WORK TO COMPLETE>
For every entry, reproduce the wording exactly and omit any image it holds.

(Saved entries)
====
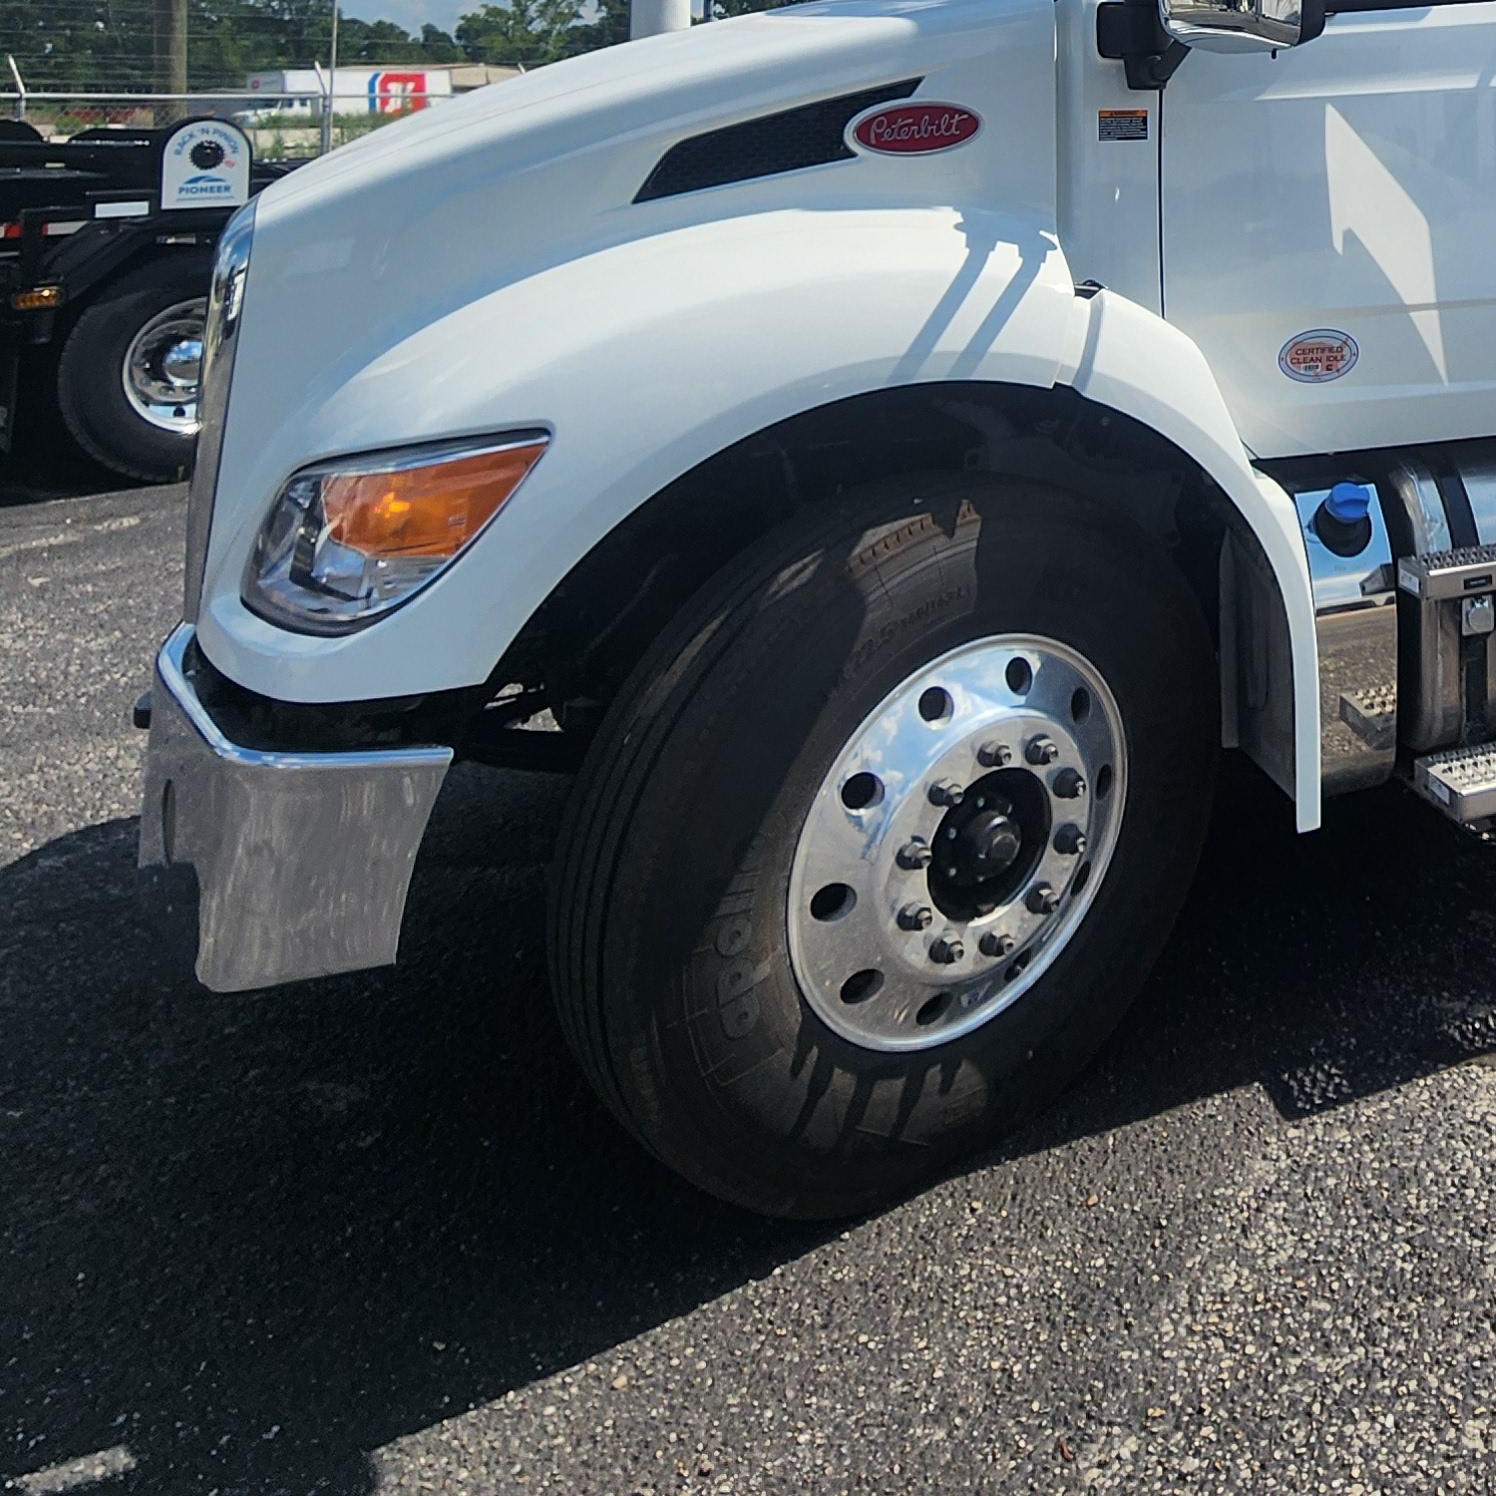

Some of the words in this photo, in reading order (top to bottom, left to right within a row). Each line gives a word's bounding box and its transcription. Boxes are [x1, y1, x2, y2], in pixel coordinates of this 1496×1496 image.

[869, 113, 969, 145] Peterbilt
[178, 184, 231, 195] PIONEER
[1295, 346, 1345, 356] CERTIFIED
[1290, 356, 1322, 365] CLEAN
[1326, 354, 1346, 363] IDLE
====
RESPONSE TO THIS EXERCISE>
Some of the words in this photo, in reading order (top to bottom, left to right within a row). Each line gives a word's bounding box and its transcription. Boxes are [x1, y1, x2, y2], in pixel coordinates of this 1496×1496 image.

[869, 113, 969, 145] Peterbilt
[178, 184, 231, 195] PIONEER
[1295, 346, 1345, 356] CERTIFIED
[1290, 356, 1322, 365] CLEAN
[1326, 354, 1346, 363] IDLE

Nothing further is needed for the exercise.